§ Aim of the exercise
Every line from the line containing "this 1250×1875 image." through the final line of the data is to be printed exactly; no other line is to appear.

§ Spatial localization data
__________

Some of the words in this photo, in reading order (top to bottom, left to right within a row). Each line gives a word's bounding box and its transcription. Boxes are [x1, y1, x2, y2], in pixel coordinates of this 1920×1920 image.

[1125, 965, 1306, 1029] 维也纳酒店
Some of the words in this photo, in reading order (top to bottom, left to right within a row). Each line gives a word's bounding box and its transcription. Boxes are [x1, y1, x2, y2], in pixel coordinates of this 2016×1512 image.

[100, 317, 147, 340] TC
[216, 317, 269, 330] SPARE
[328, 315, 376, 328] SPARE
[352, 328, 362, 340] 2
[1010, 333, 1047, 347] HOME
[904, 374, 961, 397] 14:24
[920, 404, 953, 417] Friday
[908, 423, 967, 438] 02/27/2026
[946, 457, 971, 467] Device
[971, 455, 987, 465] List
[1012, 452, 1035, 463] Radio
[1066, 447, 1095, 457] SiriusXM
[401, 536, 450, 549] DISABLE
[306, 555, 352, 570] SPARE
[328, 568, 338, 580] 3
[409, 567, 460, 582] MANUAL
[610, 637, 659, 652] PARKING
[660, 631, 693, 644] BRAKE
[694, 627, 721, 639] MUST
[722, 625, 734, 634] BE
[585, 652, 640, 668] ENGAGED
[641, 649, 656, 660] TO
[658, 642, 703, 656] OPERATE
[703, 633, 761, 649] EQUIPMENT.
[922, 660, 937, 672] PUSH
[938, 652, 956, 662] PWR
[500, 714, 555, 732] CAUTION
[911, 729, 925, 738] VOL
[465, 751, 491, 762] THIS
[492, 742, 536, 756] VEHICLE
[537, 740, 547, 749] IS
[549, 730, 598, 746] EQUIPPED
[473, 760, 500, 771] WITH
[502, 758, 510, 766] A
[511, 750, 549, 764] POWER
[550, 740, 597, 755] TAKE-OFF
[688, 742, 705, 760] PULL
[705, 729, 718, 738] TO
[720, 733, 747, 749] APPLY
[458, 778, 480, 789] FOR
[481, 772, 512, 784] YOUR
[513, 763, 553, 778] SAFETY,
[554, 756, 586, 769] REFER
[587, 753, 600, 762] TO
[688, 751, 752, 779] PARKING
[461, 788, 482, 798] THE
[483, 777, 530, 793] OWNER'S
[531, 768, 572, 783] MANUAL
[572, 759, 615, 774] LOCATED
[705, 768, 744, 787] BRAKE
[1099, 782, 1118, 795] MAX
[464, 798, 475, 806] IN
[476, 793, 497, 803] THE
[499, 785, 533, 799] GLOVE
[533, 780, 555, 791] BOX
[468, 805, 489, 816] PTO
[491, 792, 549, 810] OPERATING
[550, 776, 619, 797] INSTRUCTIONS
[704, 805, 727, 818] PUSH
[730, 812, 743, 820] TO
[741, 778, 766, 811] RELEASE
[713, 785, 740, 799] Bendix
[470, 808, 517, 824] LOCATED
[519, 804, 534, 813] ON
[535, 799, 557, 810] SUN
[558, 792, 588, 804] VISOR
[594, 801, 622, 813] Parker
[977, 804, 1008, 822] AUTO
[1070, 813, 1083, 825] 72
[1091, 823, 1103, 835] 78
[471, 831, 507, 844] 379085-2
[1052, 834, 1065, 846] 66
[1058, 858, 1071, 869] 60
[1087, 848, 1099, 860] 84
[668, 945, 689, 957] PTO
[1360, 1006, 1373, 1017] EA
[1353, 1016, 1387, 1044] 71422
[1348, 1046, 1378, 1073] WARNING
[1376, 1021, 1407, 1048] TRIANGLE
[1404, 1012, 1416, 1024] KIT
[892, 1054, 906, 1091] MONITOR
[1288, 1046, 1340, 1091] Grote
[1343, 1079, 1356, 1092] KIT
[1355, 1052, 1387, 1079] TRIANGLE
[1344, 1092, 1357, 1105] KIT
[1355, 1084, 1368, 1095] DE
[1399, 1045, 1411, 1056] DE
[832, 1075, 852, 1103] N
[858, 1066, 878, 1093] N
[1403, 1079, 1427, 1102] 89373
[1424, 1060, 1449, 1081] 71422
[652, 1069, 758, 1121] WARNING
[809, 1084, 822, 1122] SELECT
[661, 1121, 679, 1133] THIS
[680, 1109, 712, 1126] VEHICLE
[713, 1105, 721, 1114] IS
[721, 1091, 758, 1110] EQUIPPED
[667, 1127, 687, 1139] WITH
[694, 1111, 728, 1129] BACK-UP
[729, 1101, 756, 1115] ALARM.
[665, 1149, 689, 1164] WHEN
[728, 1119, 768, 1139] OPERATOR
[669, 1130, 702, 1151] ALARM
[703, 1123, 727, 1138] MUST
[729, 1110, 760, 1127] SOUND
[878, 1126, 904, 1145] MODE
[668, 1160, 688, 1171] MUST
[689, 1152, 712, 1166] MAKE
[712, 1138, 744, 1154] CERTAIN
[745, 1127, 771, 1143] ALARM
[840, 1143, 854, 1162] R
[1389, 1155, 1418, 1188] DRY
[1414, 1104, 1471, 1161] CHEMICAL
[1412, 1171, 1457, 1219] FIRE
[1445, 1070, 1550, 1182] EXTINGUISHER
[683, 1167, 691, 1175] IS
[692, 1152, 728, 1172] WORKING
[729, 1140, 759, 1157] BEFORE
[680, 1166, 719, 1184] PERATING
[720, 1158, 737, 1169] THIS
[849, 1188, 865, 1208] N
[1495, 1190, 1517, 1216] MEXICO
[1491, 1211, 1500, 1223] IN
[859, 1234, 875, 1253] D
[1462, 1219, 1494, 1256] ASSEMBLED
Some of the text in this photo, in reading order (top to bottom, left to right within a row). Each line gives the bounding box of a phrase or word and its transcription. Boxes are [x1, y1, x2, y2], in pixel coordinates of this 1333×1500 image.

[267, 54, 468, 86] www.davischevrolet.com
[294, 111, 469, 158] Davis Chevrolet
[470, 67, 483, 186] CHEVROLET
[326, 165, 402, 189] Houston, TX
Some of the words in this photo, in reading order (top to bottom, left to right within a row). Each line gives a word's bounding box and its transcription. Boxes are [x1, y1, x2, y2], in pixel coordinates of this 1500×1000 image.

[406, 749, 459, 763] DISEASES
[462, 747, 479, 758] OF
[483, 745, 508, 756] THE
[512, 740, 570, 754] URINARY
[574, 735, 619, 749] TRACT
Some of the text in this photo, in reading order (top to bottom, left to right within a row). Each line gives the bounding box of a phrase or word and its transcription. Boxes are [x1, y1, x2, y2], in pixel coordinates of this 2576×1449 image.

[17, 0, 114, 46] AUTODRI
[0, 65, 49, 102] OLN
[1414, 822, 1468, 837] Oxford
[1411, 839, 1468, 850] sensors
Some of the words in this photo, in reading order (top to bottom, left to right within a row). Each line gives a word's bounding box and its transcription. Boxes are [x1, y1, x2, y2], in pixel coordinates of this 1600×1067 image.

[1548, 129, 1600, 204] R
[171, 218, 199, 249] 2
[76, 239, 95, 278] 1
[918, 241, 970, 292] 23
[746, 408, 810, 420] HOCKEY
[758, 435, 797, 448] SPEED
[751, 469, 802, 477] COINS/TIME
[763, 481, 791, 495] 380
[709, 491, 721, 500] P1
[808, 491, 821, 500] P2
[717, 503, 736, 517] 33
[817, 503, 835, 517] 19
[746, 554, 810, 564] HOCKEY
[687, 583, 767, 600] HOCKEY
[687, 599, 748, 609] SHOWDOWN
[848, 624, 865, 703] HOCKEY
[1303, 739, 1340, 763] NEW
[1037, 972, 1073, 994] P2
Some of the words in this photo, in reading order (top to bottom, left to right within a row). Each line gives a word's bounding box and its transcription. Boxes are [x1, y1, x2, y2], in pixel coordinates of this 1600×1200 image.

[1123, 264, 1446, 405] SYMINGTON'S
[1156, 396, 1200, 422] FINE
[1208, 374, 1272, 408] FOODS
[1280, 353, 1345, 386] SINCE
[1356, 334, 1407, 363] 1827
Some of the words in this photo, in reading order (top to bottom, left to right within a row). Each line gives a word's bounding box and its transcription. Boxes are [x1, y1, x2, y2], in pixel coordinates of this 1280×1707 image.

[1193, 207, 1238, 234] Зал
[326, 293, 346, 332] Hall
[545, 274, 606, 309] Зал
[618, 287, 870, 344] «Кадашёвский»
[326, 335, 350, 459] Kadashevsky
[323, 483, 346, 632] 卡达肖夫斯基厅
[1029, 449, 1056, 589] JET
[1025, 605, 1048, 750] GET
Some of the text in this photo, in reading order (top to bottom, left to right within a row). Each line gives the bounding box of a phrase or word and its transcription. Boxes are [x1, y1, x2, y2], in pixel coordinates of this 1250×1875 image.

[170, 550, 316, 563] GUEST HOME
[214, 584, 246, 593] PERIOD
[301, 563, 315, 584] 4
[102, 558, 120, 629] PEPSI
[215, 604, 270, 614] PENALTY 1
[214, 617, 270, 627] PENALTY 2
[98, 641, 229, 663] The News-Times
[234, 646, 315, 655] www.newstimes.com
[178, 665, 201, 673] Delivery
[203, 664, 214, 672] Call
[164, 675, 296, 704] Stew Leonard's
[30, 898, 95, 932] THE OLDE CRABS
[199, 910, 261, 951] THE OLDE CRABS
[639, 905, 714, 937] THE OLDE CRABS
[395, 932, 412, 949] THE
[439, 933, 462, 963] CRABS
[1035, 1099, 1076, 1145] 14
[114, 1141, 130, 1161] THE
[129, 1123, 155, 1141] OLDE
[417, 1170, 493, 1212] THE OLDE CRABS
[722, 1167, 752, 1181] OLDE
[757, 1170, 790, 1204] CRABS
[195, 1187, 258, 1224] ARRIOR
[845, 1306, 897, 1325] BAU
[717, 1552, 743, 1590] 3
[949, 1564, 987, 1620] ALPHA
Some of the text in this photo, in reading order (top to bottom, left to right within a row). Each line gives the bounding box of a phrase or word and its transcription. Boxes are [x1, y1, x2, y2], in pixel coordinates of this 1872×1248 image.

__________

§ Expected answer
Some of the text in this photo, in reading order (top to bottom, left to right within a row). Each line gives the bounding box of a phrase or word and its transcription. Boxes are [x1, y1, x2, y2], in pixel coordinates of this 1250×1875 image.

[170, 550, 316, 563] GUEST HOME
[214, 584, 246, 593] PERIOD
[301, 563, 315, 584] 4
[102, 558, 120, 629] PEPSI
[215, 604, 270, 614] PENALTY 1
[214, 617, 270, 627] PENALTY 2
[98, 641, 229, 663] The News-Times
[234, 646, 315, 655] www.newstimes.com
[178, 665, 201, 673] Delivery
[203, 664, 214, 672] Call
[164, 675, 296, 704] Stew Leonard's
[30, 898, 95, 932] THE OLDE CRABS
[199, 910, 261, 951] THE OLDE CRABS
[639, 905, 714, 937] THE OLDE CRABS
[395, 932, 412, 949] THE
[439, 933, 462, 963] CRABS
[1035, 1099, 1076, 1145] 14
[114, 1141, 130, 1161] THE
[129, 1123, 155, 1141] OLDE
[417, 1170, 493, 1212] THE OLDE CRABS
[722, 1167, 752, 1181] OLDE
[757, 1170, 790, 1204] CRABS
[195, 1187, 258, 1224] ARRIOR
[845, 1306, 897, 1325] BAU
[717, 1552, 743, 1590] 3
[949, 1564, 987, 1620] ALPHA
Some of the text in this photo, in reading order (top to bottom, left to right within a row). Each line gives the bounding box of a phrase or word and its transcription. Boxes are [x1, y1, x2, y2], in pixel coordinates of this 1872×1248 image.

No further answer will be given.